Your task is to transcribe all the entries exactly, excluding pictures.

Provided records:
────────

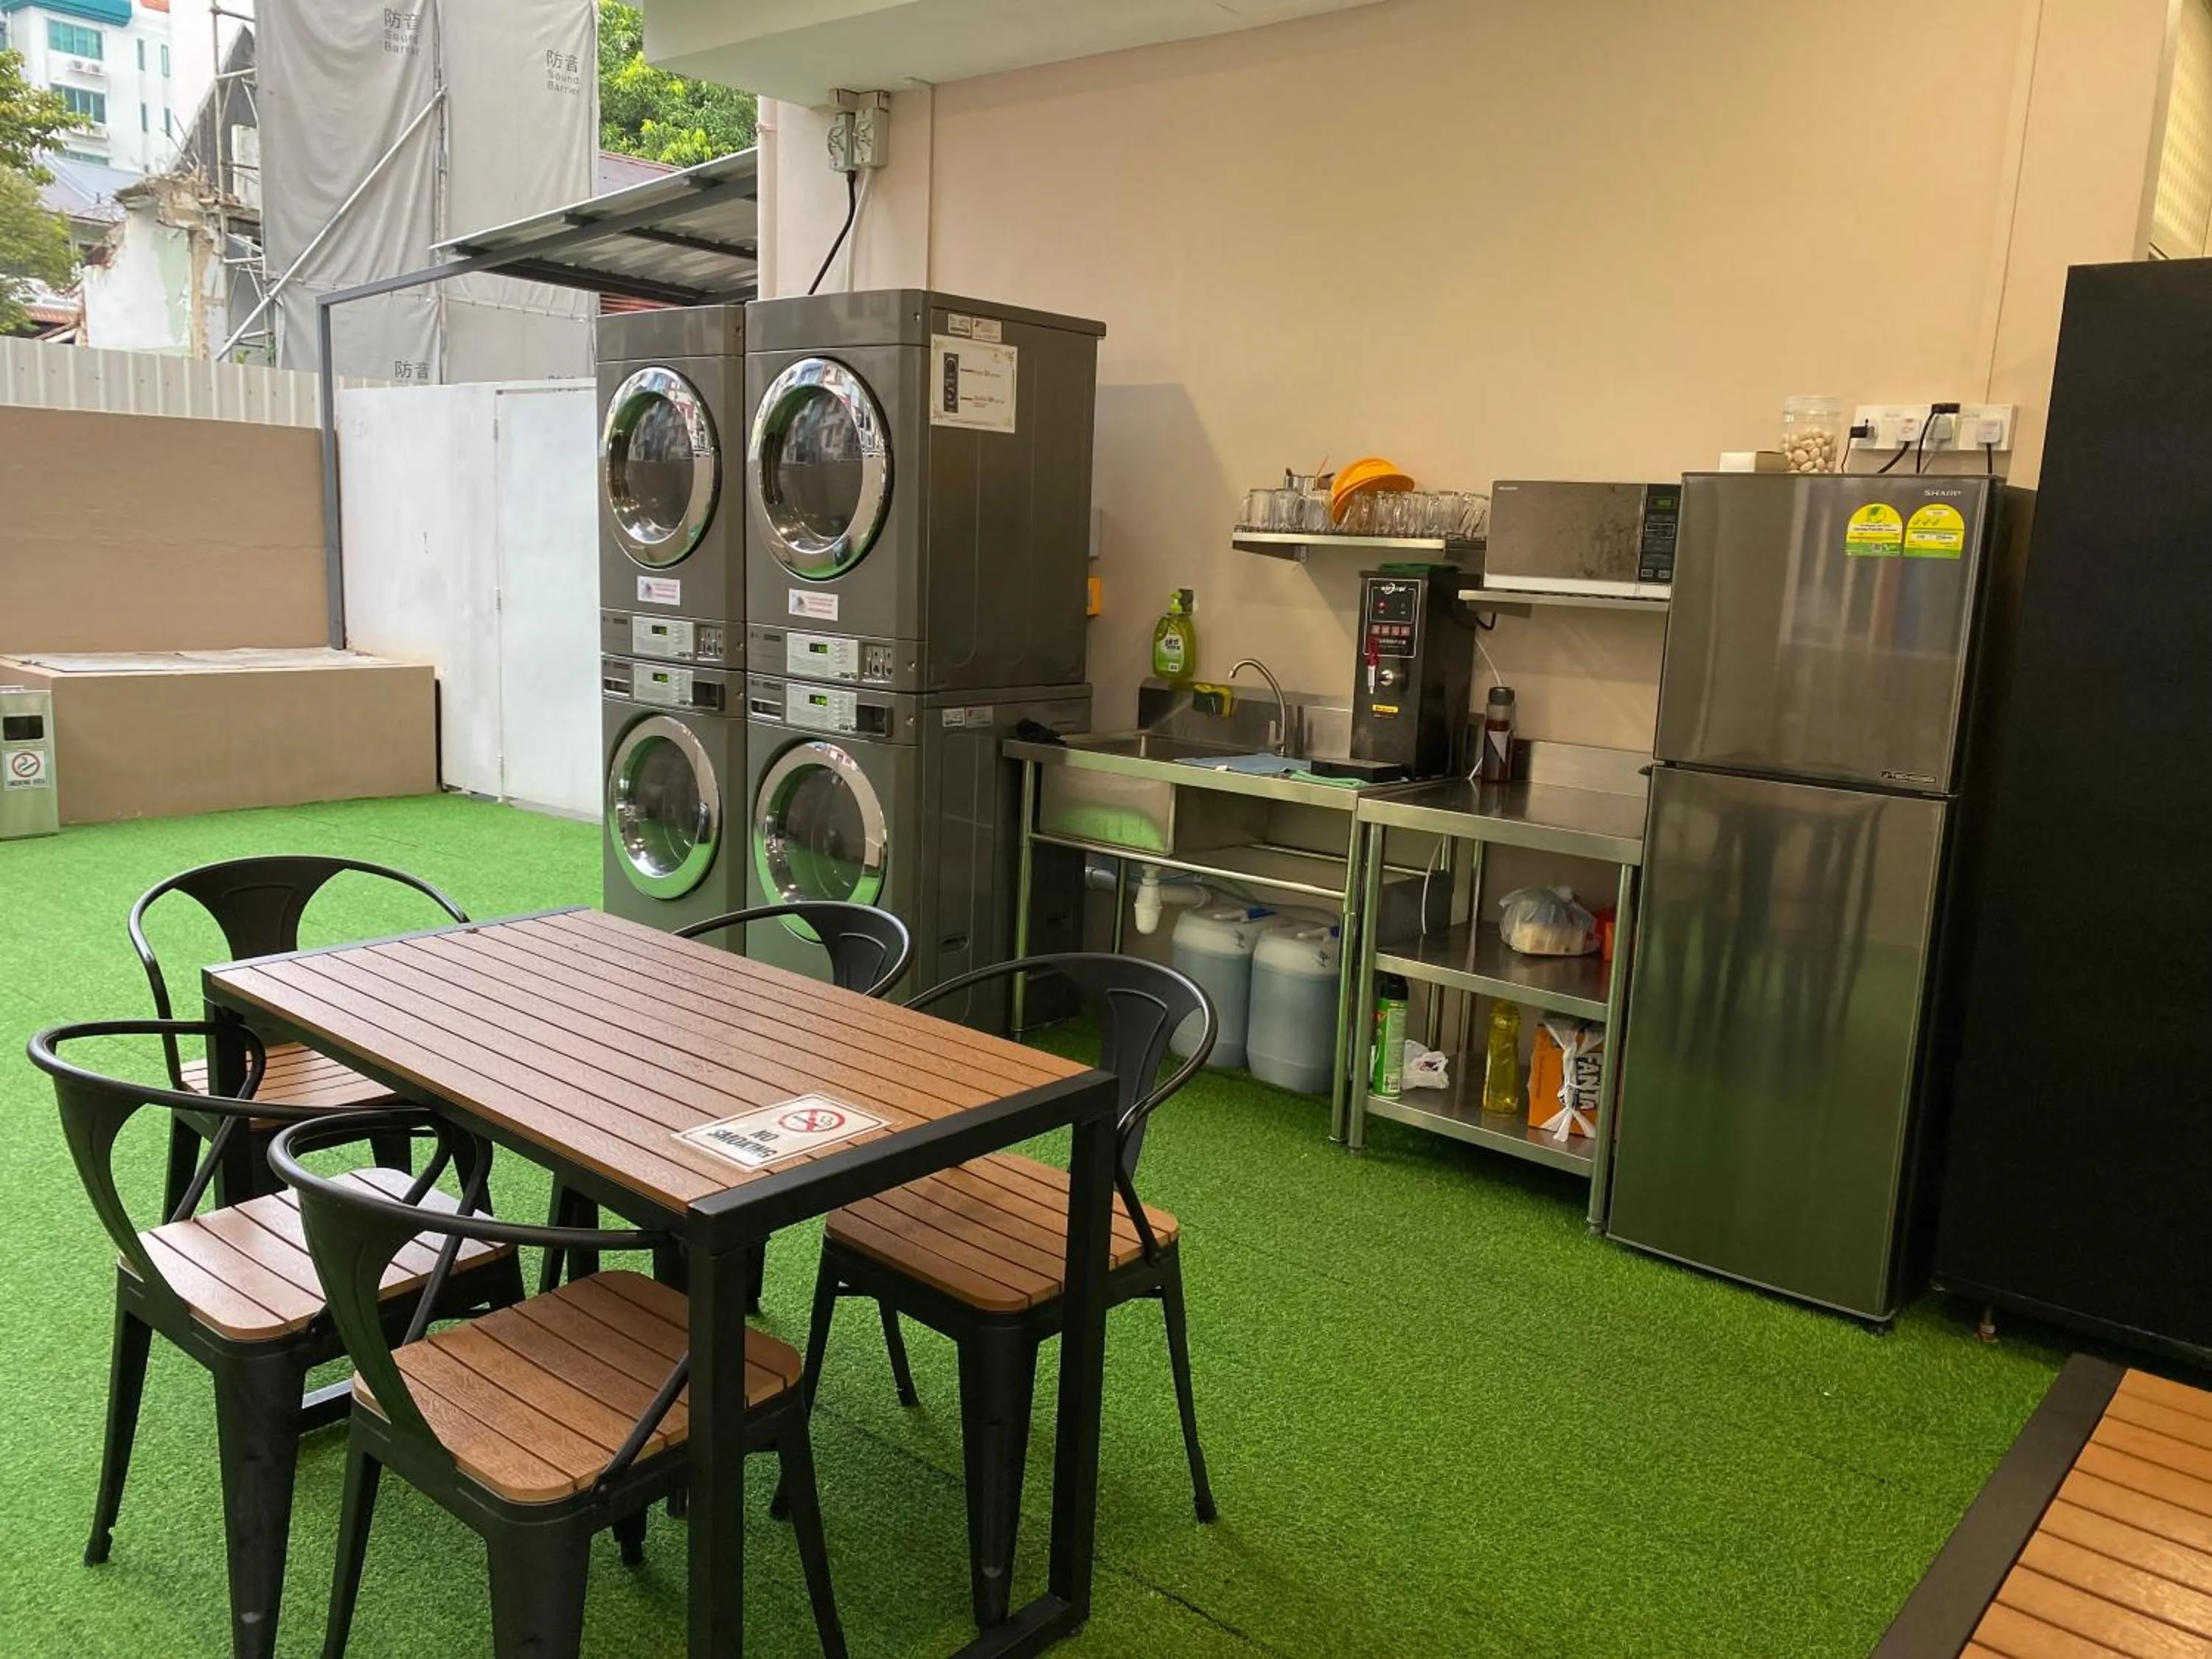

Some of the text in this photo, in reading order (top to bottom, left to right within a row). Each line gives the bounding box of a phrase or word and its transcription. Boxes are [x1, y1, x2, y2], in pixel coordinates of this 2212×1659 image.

[384, 8, 421, 30] 防音
[546, 49, 578, 73] 防音
[547, 69, 579, 84] Sound
[394, 361, 429, 379] 防音
[1576, 1051, 1603, 1110] FANTA
[706, 1129, 778, 1158] SMOKING
[748, 1130, 779, 1142] NO

────────

Reply:
Some of the text in this photo, in reading order (top to bottom, left to right within a row). Each line gives the bounding box of a phrase or word and its transcription. Boxes are [x1, y1, x2, y2], in pixel coordinates of this 2212×1659 image.

[384, 8, 421, 30] 防音
[546, 49, 578, 73] 防音
[547, 69, 579, 84] Sound
[394, 361, 429, 379] 防音
[1576, 1051, 1603, 1110] FANTA
[706, 1129, 778, 1158] SMOKING
[748, 1130, 779, 1142] NO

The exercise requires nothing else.